The ISM manufacturing index provided additional support to the dollar, as it further weakened dovish market expectations regarding the Fed's future actions. According to data from the CME FedWatch tool, the market is almost 100% confident that the regulator will maintain all monetary policy parameters unchanged in March and April. Meanwhile, the probability of easing monetary policy at the June meeting has dropped to 35%. For comparison, just two weeks ago, traders were pricing in a 70% likelihood of a rate cut in June. However, the acceleration of the core PCE index and January's PPI amid geopolitical turbulence forced traders to reconsider their forecasts.
Nevertheless, the key driver of the American currency's strength remains the geopolitical factor. For instance, if the United States were to sit down for negotiations with Iran tomorrow, the dollar would sharply weaken across the market amid increased interest in riskier assets.

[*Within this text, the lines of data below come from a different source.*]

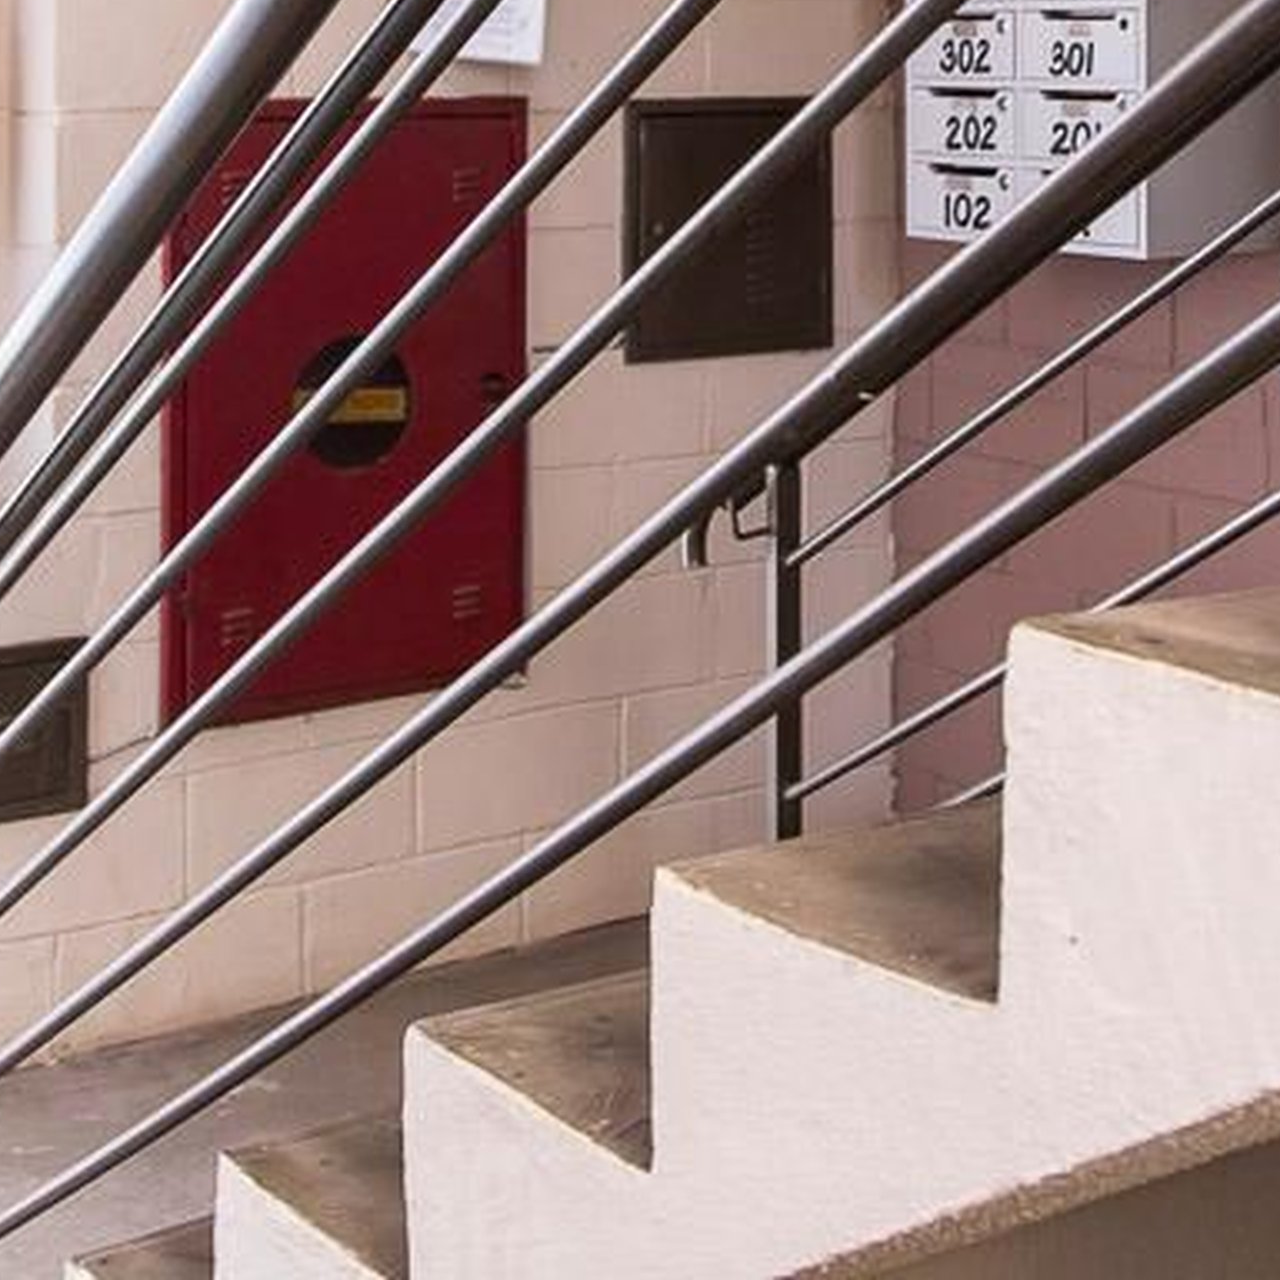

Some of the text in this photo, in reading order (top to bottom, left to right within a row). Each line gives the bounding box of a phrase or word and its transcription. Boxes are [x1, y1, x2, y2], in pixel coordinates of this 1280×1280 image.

[939, 38, 991, 74] 302
[1049, 41, 1095, 77] 301
[946, 115, 997, 150] 202
[944, 193, 991, 230] 102
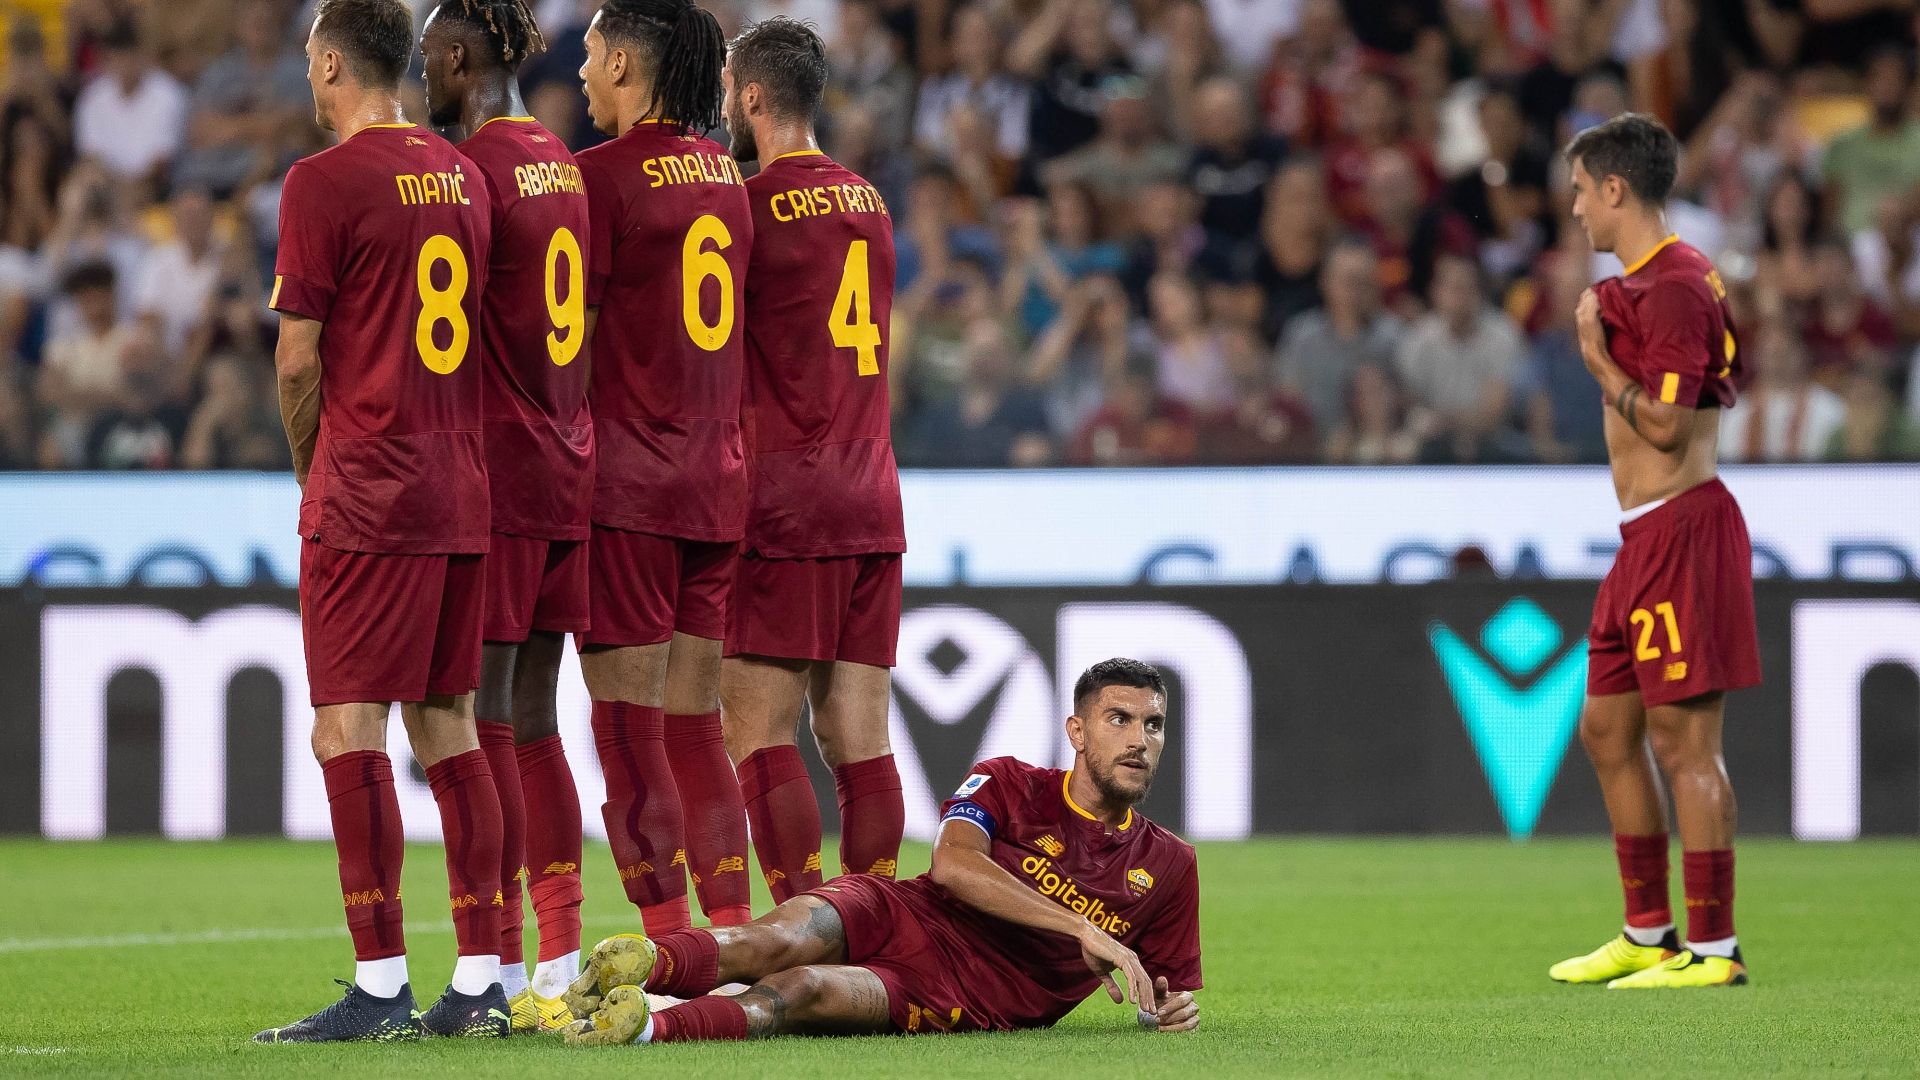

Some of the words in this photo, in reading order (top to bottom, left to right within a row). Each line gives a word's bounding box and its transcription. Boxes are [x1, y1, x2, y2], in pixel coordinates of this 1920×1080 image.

But as of Tuesday, there are no prerequisites for that. On the contrary, the parties are making belligerent statements, further escalating the situation. For example, on Monday, US Secretary of State Marco Rubio stated that the current phase of the attack is just the beginning and that the next stage of the military operation would be "even more punitive" for Iran. He noted that the US would not stop until Iran's missile capabilities and naval potential are completely destroyed. He expressed hope that the Iranian people would take this opportunity to rise against their government.
Tehran, for its part, has made it clear that it will not engage in negotiations under pressure and will expand the conflict zone to countries in the Persian Gulf, where US forces are present. Considering that Rubio effectively ruled out the possibility of diplomatic negotiations in the near future (against a backdrop of similar statements from the Iranian side), it can be assumed that interest in the dollar will remain amid heightened risk aversion and the ongoing rise in oil prices.
From a technical standpoint, the pair on the four-hour and daily charts has crossed below the lower line of the Bollinger Bands, and it is now below all the lines of the Ichimoku index, which has formed a bearish "Parade of Lines" signal. On the weekly chart, the price is located between the middle and lower lines of the Bollinger Bands and below the Tenkan-sen and Kijun-sen lines (but above the Kumo cloud). The main target for the downward movement in the medium term is the 1.1490 mark (the lower Bollinger Bands line on the W1, coinciding with the upper boundary of the Kumo cloud).